Chevron Makes It Official With Sale of Renewable-Energy Unitby
Chevron has finalized the sale of its renewable-energy subsidiary, Chevron Energy Solutions, to OpTerra Energy Services, a Chevron spokesman confirmed on Tuesday.
The sale, on Aug. 29, marks the latest in a series of moves away from renewables by the oil company. Earlier this year, Chevron sold a 48-person division that builds renewable projects and energy-savings retrofits for federal agencies such as the U.S. Department of Defense.
OpTerra is backed by Oaktree Capital Management, a private equity firm in Los Angeles, according to OpTerra’s website. It develops energy-savings projects, as well as clean-energy systems from technologies such as solar and fuel cells.
Bloomberg Businessweek first reported the expected sale of Chevron’s clean-energy subsidiary in June.
Chevron declined to comment on the price of the transaction or the number of its employees moving to OpTerra. The company said in a statement that the sale “is part of an internal strategic focus on supporting Chevron’s Upstream and Downstream businesses. Chevron continues to believe that energy efficiency and renewable energy are an important part of the overall energy mix, and operates a portfolio of renewables, including wind, geothermal and solar.”
A spokeswoman for Oaktree Capital declined to comment. An OpTerra representative previously declined to comment about the transaction and didn’t respond to a new request for comment today.
Chevron Energy Solutions was first acquired by the oil company in 2000 and has long been a centerpiece of Chevron’s efforts to pursue renewable energy. A decade after acquiring the division, Chevron said the group had developed hundreds of renewable and energy-efficiency projects that were “reducing greenhouse gas emissions by more than 3 million metric tons.”

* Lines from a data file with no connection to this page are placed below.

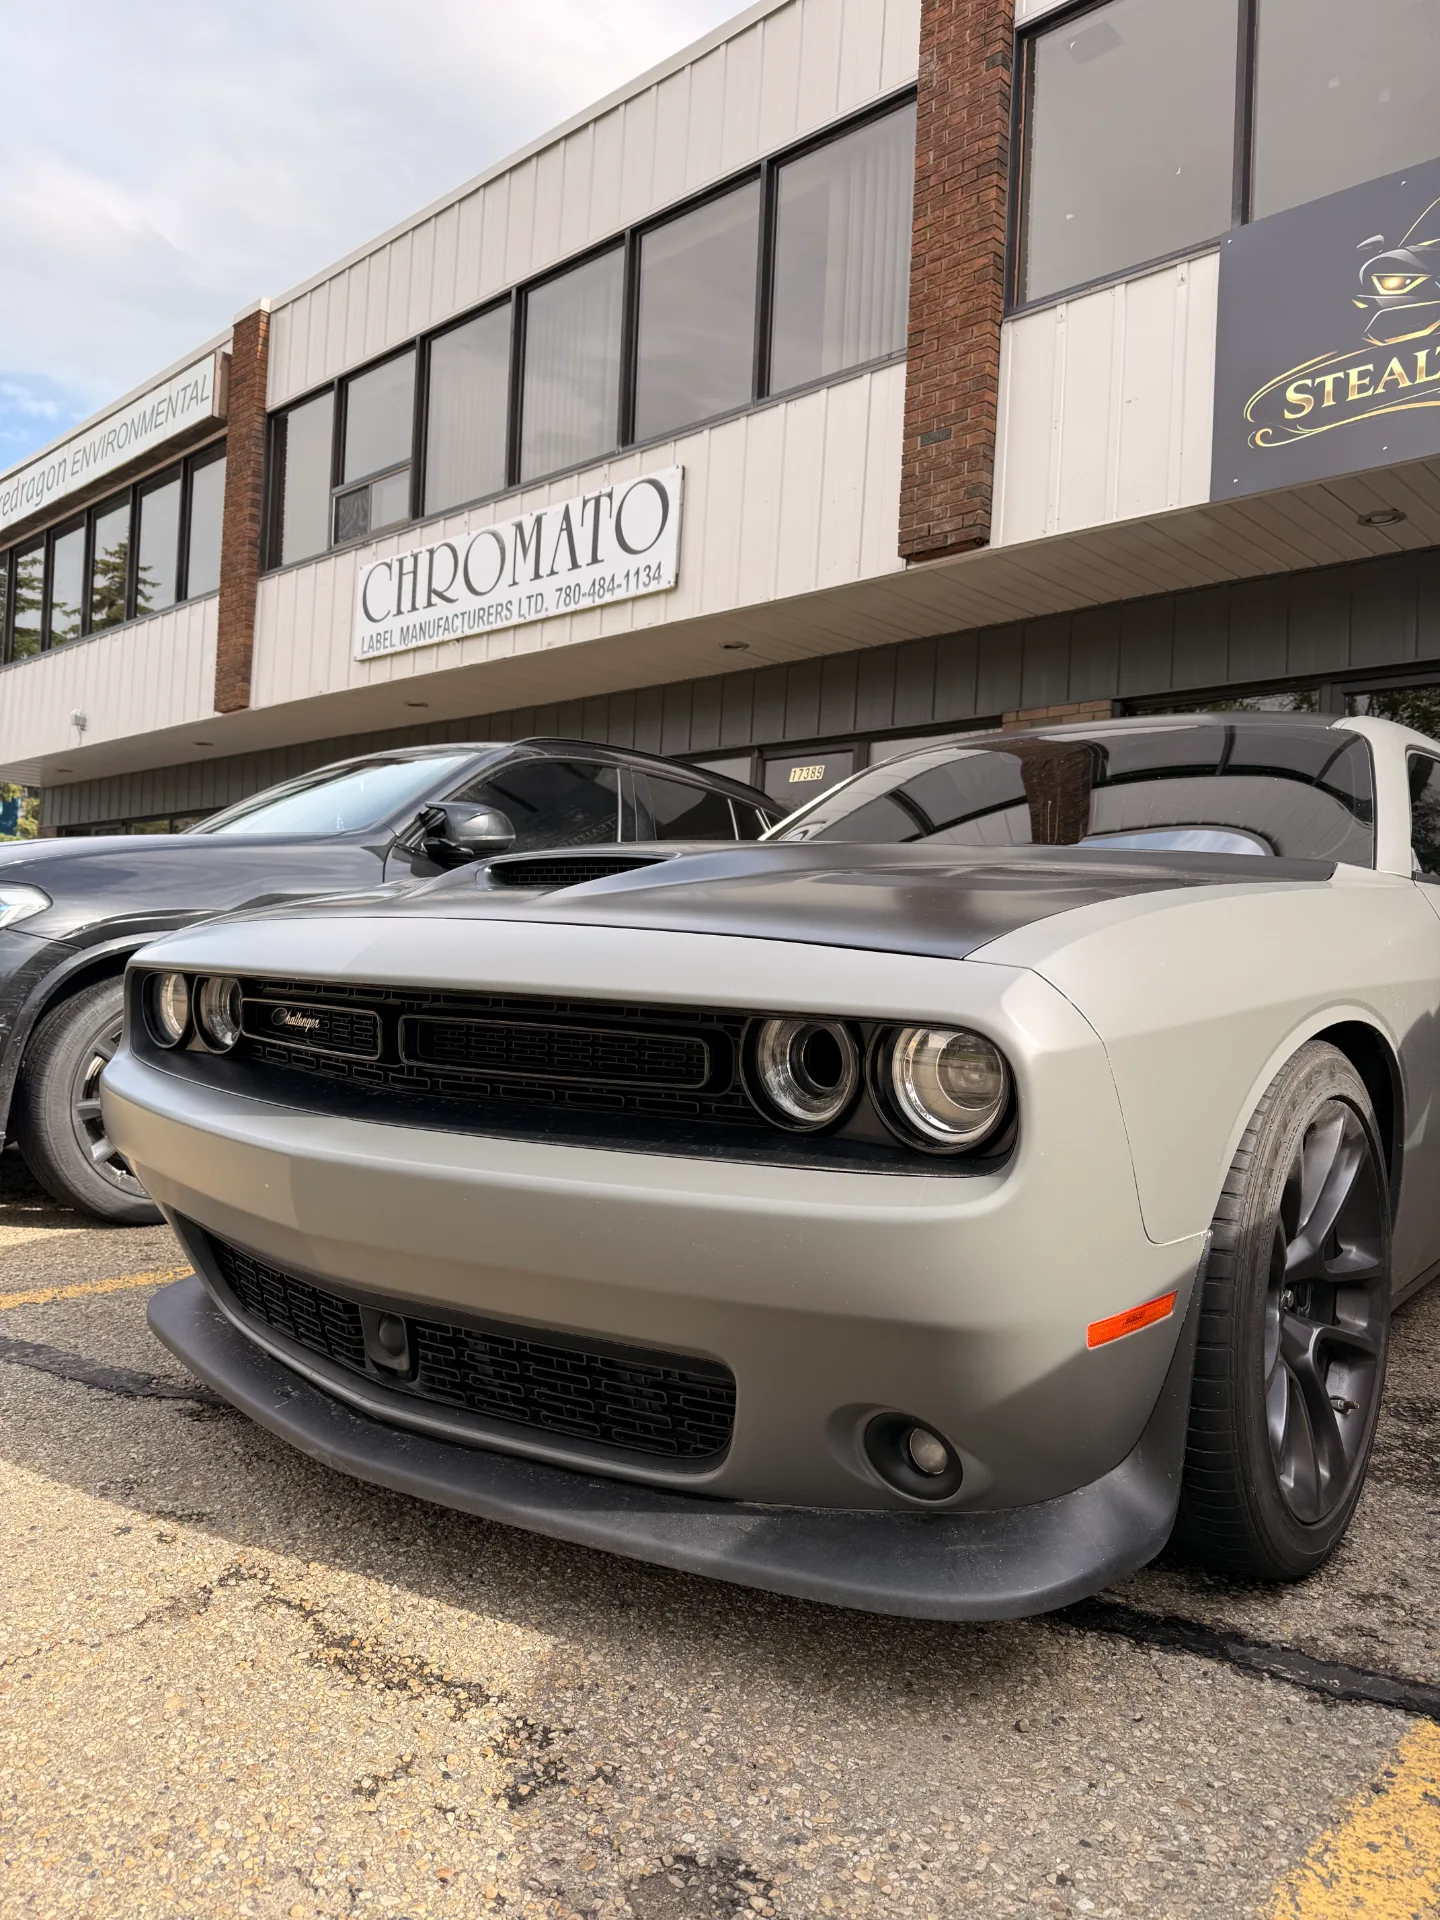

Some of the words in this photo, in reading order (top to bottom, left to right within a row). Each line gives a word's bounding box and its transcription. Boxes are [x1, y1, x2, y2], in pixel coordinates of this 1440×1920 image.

[1284, 346, 1440, 419] STEAL
[0, 457, 67, 516] edragon
[71, 374, 210, 477] ENVIRONMENTAL
[362, 477, 669, 623] CHROMATO
[361, 626, 396, 655] LABEL
[400, 600, 513, 646] MANUFACTURERS
[518, 592, 548, 619] LTD.
[555, 561, 662, 609] 780-484-1134
[792, 766, 824, 781] 17389
[271, 1007, 320, 1032] Challenger

In addition, Chevron executives frequently promoted the division’s clean-energy work in speeches and in testimony (PDF) before Congress.
Last month, though, Chevron confirmed that it had suspended two solar projects at a refinery in Hawaii, which would have spanned about 20 acres and reduced carbon dioxide emissions by about 5,000 tons apiece.
And earlier this year the company dismantled a renewable-power group whose mission was to create large, profitable clean-energy projects, Bloomberg Businessweek reported in May. The group had almost doubled its internal profit targets in 2013, while helping to launch solar and geothermal projects capable of powering tens of thousands of homes.